* Extracted information:
+++++

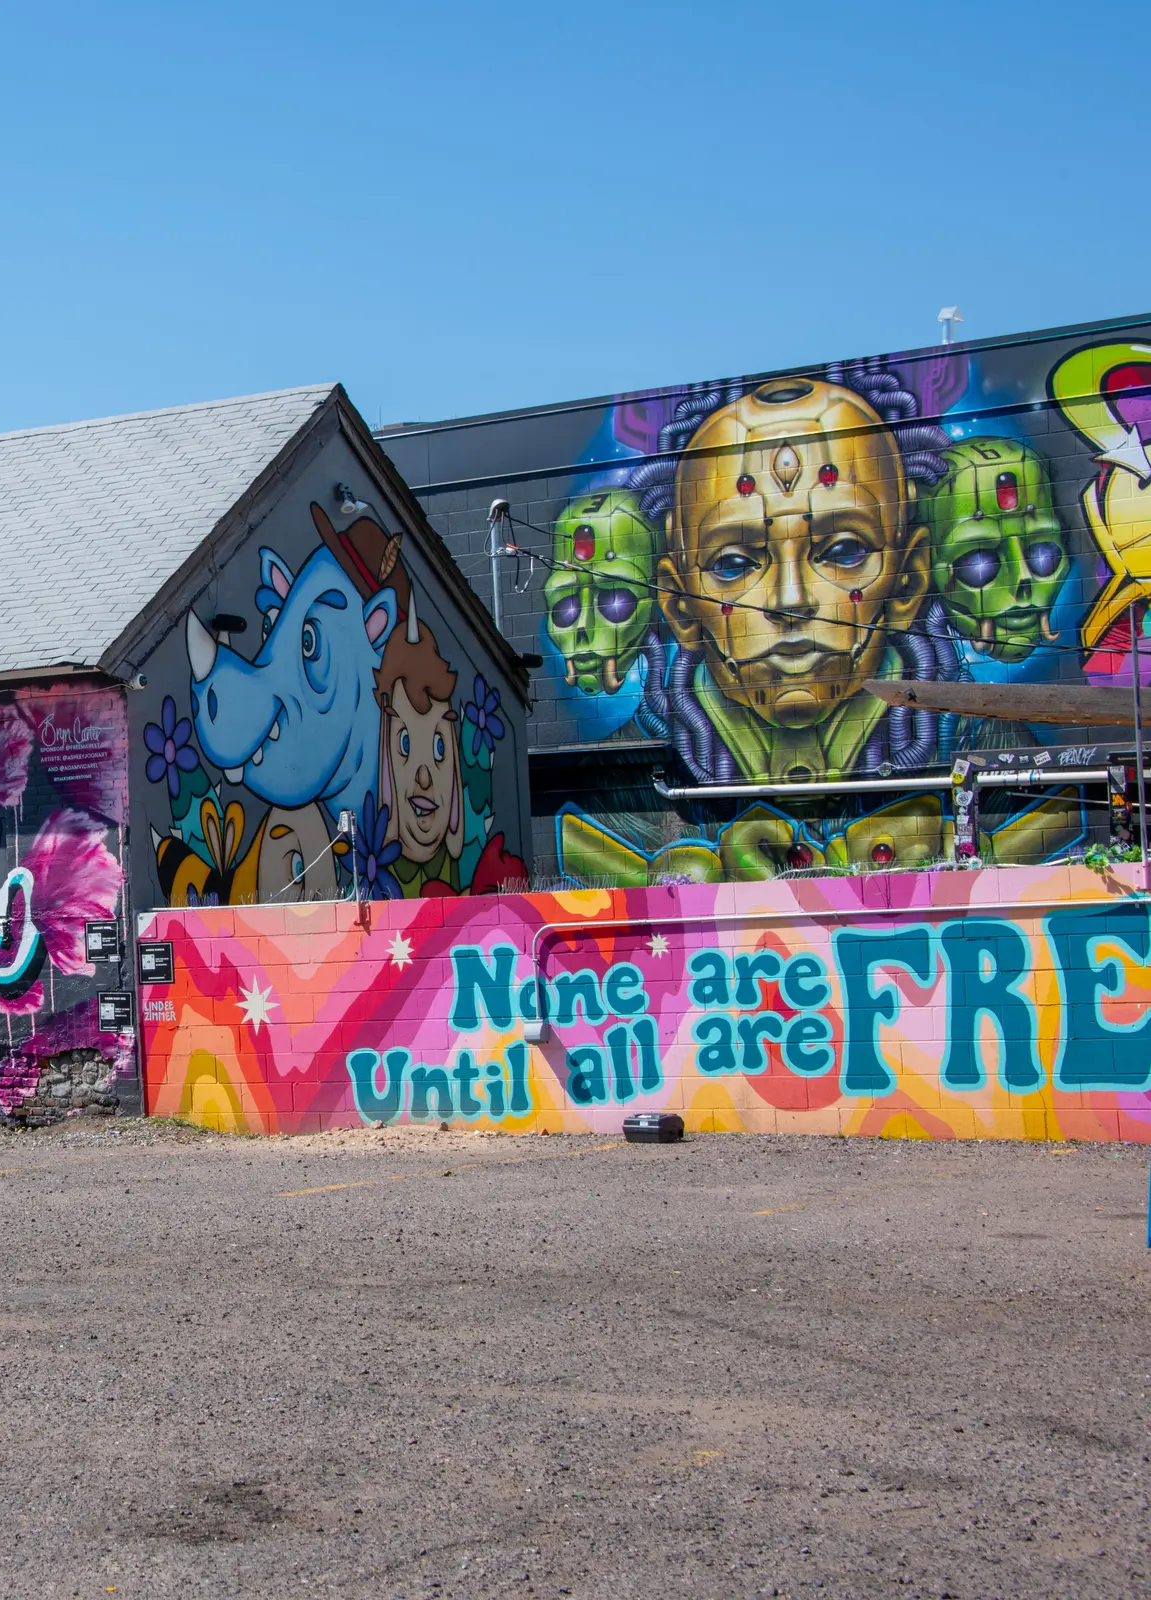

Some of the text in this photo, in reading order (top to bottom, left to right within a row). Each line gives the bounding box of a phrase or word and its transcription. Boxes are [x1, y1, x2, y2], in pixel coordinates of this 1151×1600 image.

[143, 1000, 174, 1011] LINDEE
[449, 944, 649, 1033] None
[687, 948, 832, 1010] are
[144, 1011, 177, 1022] ZIMMER
[346, 1009, 835, 1126] Until all are
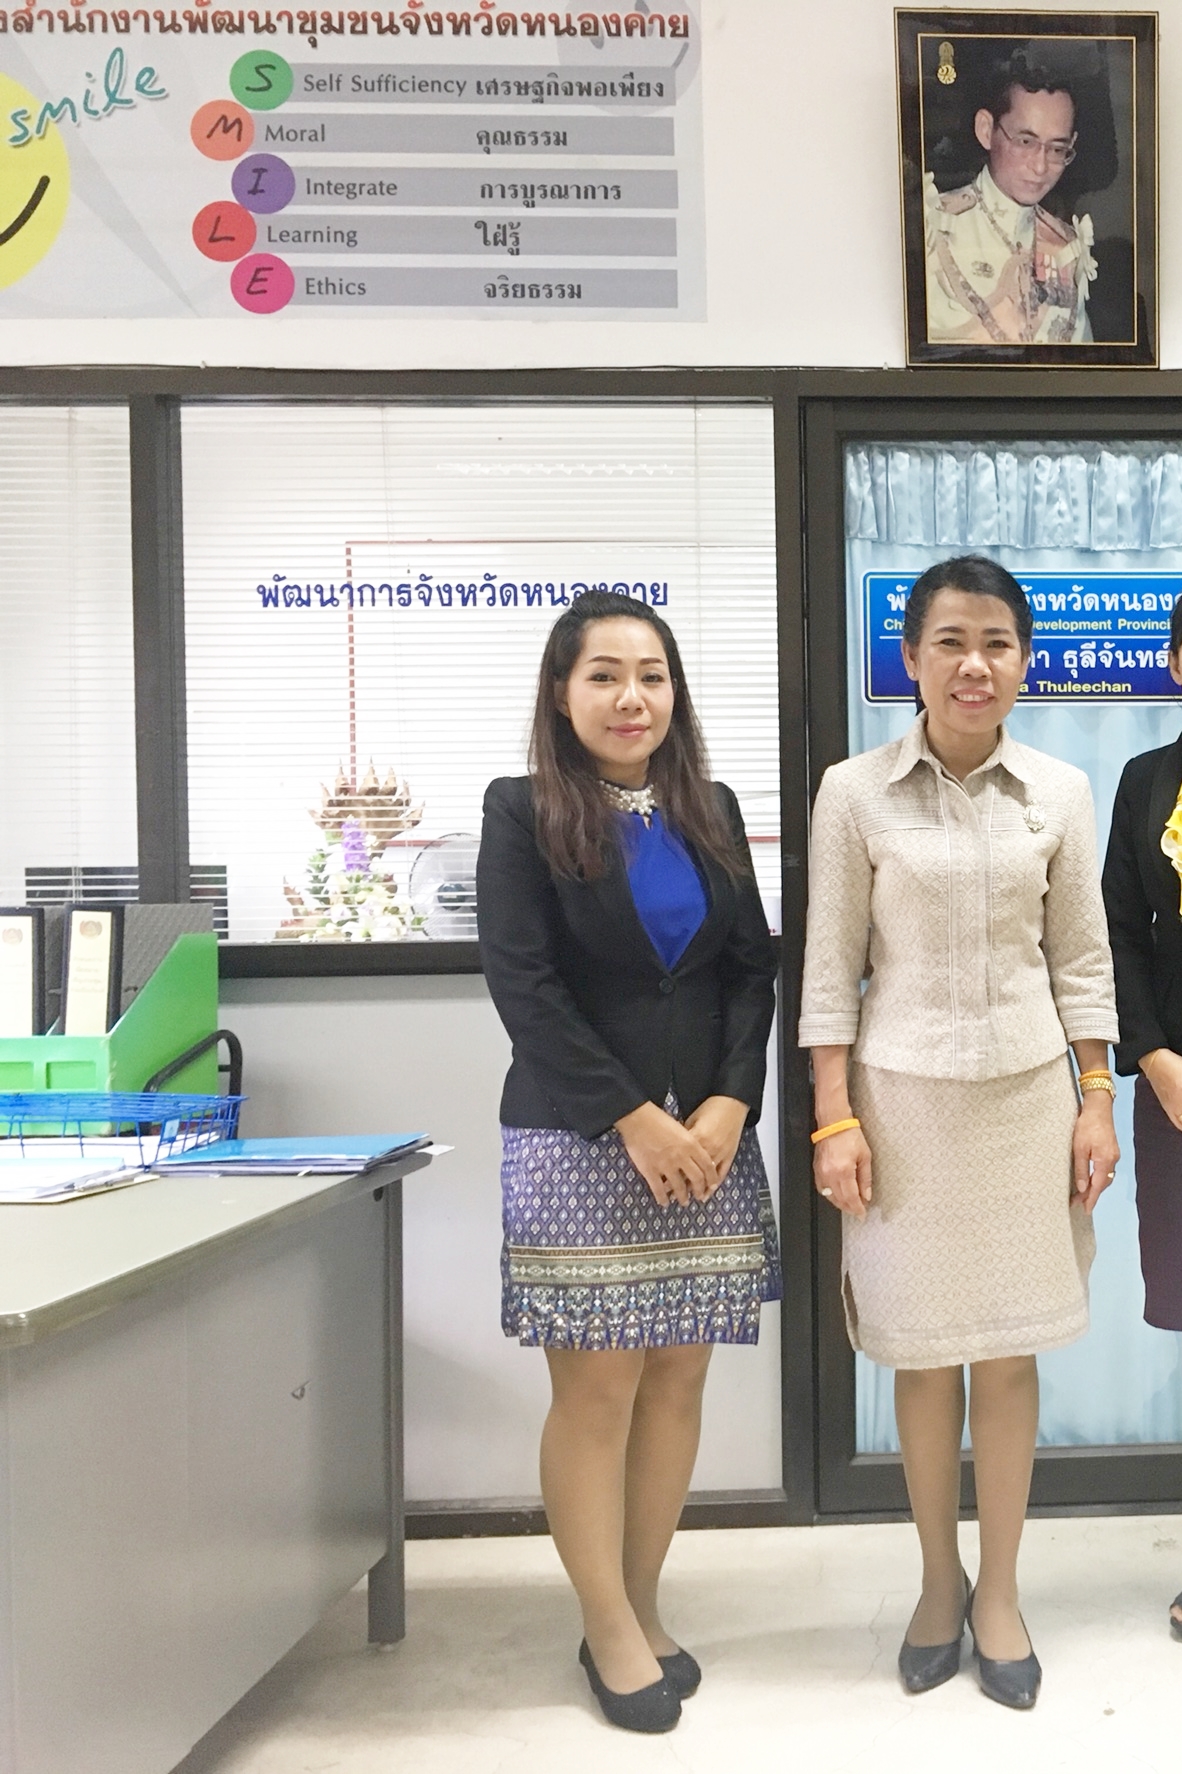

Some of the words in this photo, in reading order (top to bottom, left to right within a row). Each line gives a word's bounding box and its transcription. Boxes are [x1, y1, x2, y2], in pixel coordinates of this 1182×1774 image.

[9, 47, 165, 142] smile
[245, 64, 276, 92] S
[303, 74, 342, 92] Self
[351, 74, 467, 97] Sufficiency
[476, 72, 665, 104] เศรษฐกิจพอเพียง
[206, 114, 243, 142] M
[264, 124, 326, 142] Moral
[476, 129, 568, 155] คุณธรรม
[247, 167, 268, 195] I
[306, 178, 398, 199] Integrate
[480, 183, 622, 208] การบูรณาการ
[208, 215, 235, 243] L
[267, 226, 358, 248] Learning
[474, 220, 521, 256] ใฝ่รู้
[246, 266, 274, 295] E
[305, 277, 367, 295] Ethics
[484, 274, 582, 299] จริยธรรม
[1033, 618, 1112, 633] evelopment
[1036, 681, 1132, 693] Thuleechan
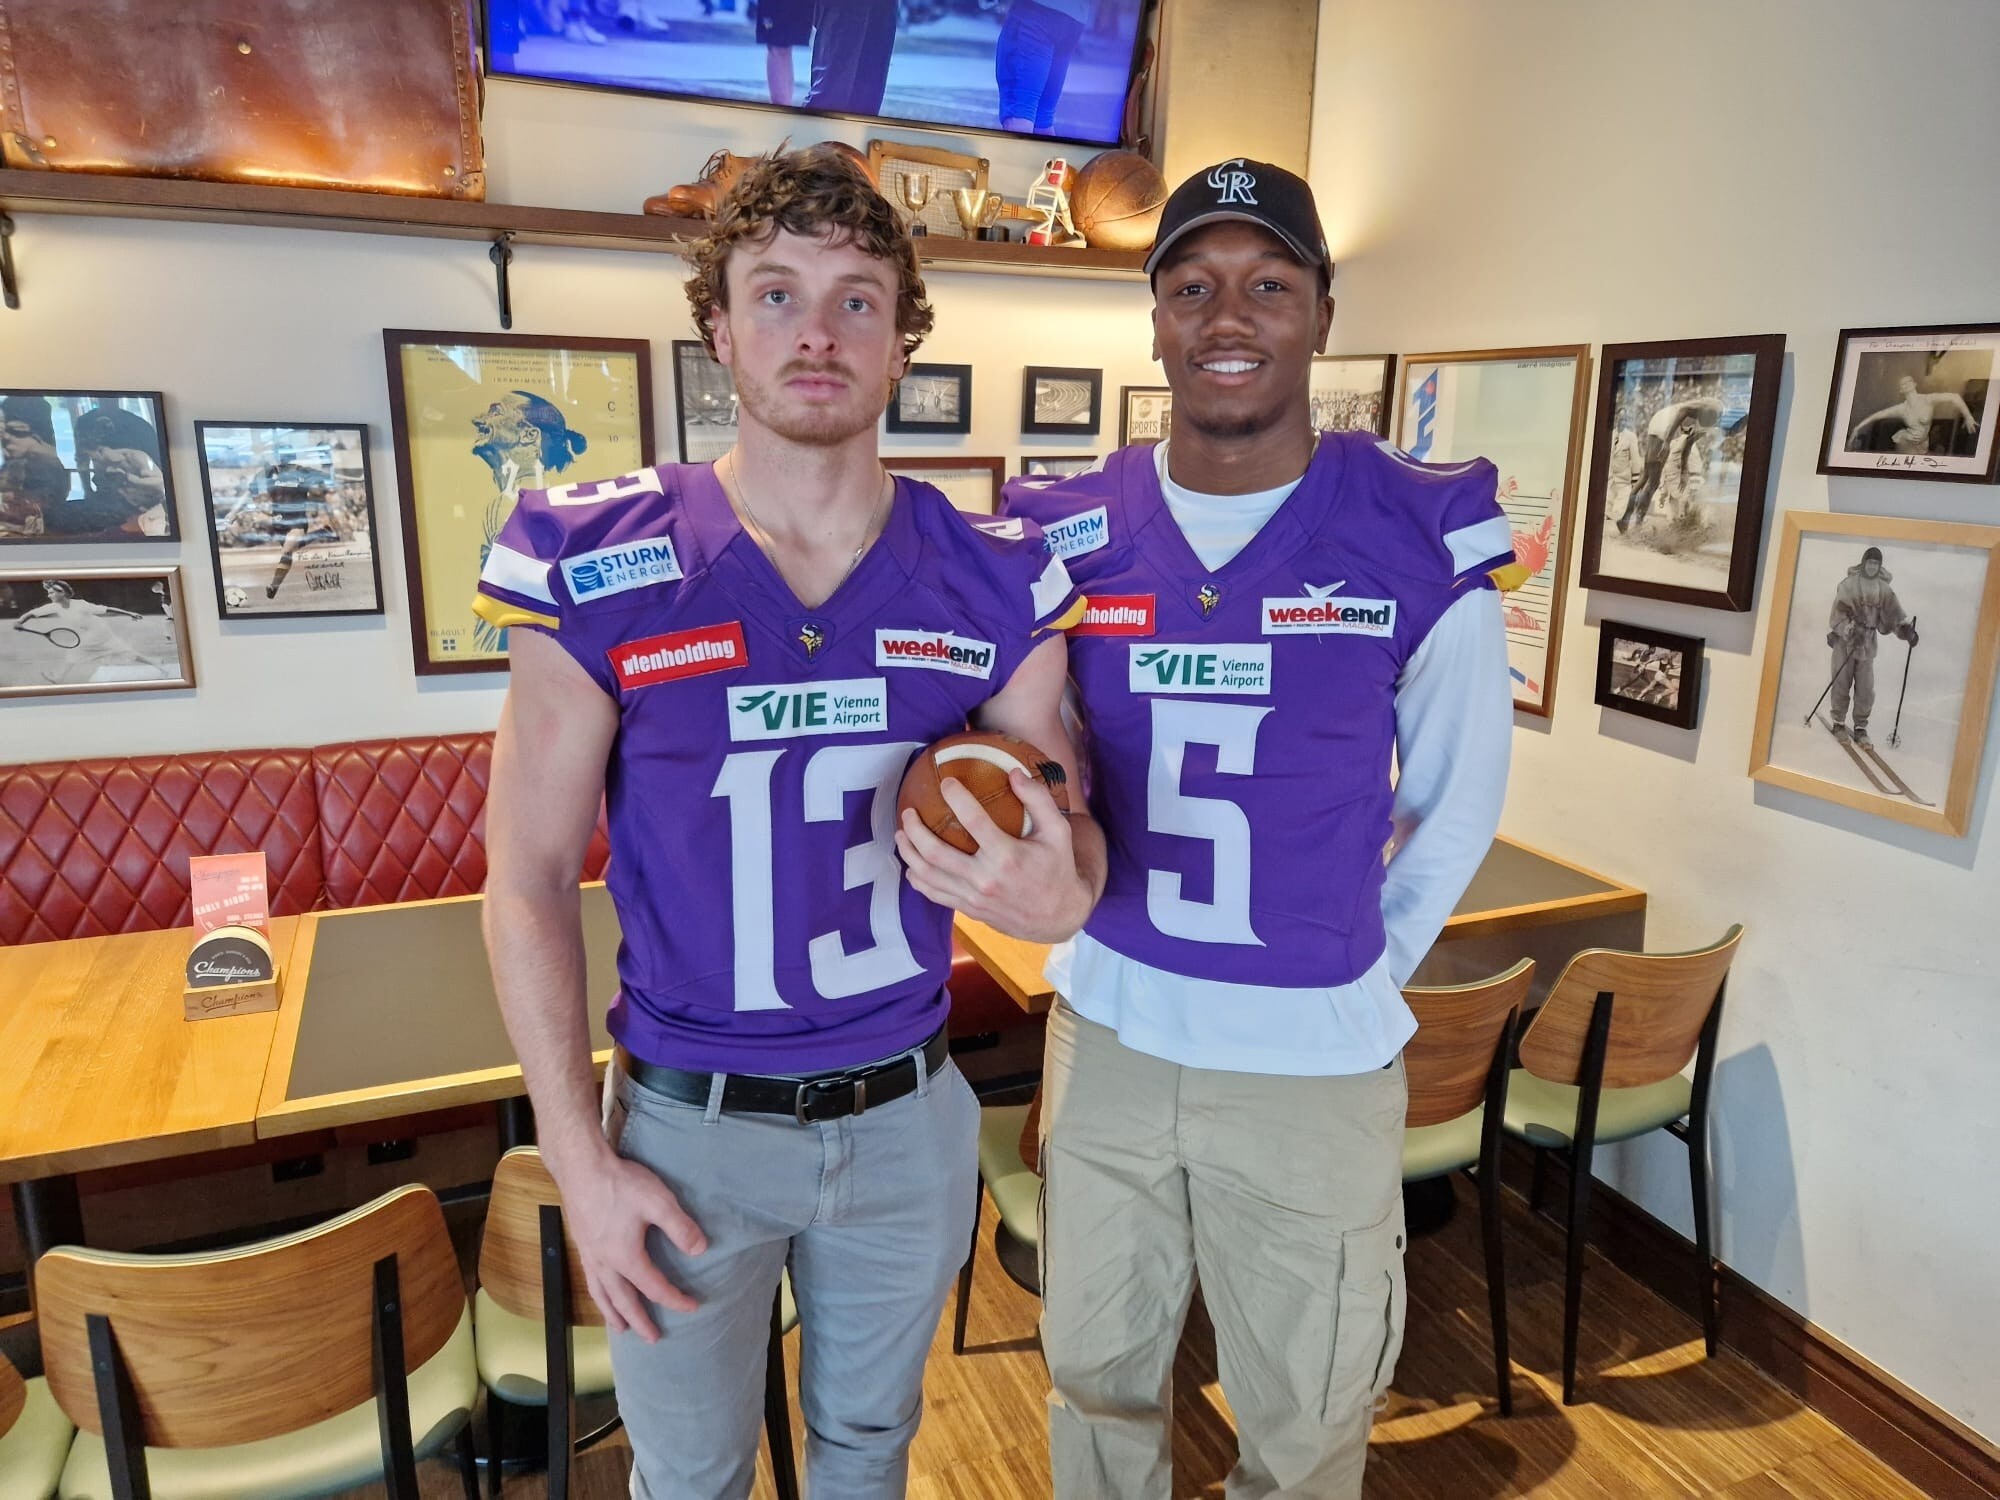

+++++

* Task: Retype the listing above exactly, pictures excluded.

* Answer box:
Some of the text in this photo, in reading order (top to bottom, left to right within a row). Each line gives the bounding box of a phrase or word and its transcription. Boxes are [x1, y1, x2, y2], in pixel coordinates of this 1151×1600 image.

[143, 1000, 174, 1011] LINDEE
[449, 944, 649, 1033] None
[687, 948, 832, 1010] are
[144, 1011, 177, 1022] ZIMMER
[346, 1009, 835, 1126] Until all are

Some of the words in this photo, in reading order (top to bottom, left to right within a row). Each line gives a word's bounding box and its transcription. Boxes are [x1, y1, x2, y2], in pixel coordinates of this 1182×1774 image.

[9, 47, 165, 142] smile
[245, 64, 276, 92] S
[303, 74, 342, 92] Self
[351, 74, 467, 97] Sufficiency
[476, 72, 665, 104] เศรษฐกิจพอเพียง
[206, 114, 243, 142] M
[264, 124, 326, 142] Moral
[476, 129, 568, 155] คุณธรรม
[247, 167, 268, 195] I
[306, 178, 398, 199] Integrate
[480, 183, 622, 208] การบูรณาการ
[208, 215, 235, 243] L
[267, 226, 358, 248] Learning
[474, 220, 521, 256] ใฝ่รู้
[246, 266, 274, 295] E
[305, 277, 367, 295] Ethics
[484, 274, 582, 299] จริยธรรม
[1033, 618, 1112, 633] evelopment
[1036, 681, 1132, 693] Thuleechan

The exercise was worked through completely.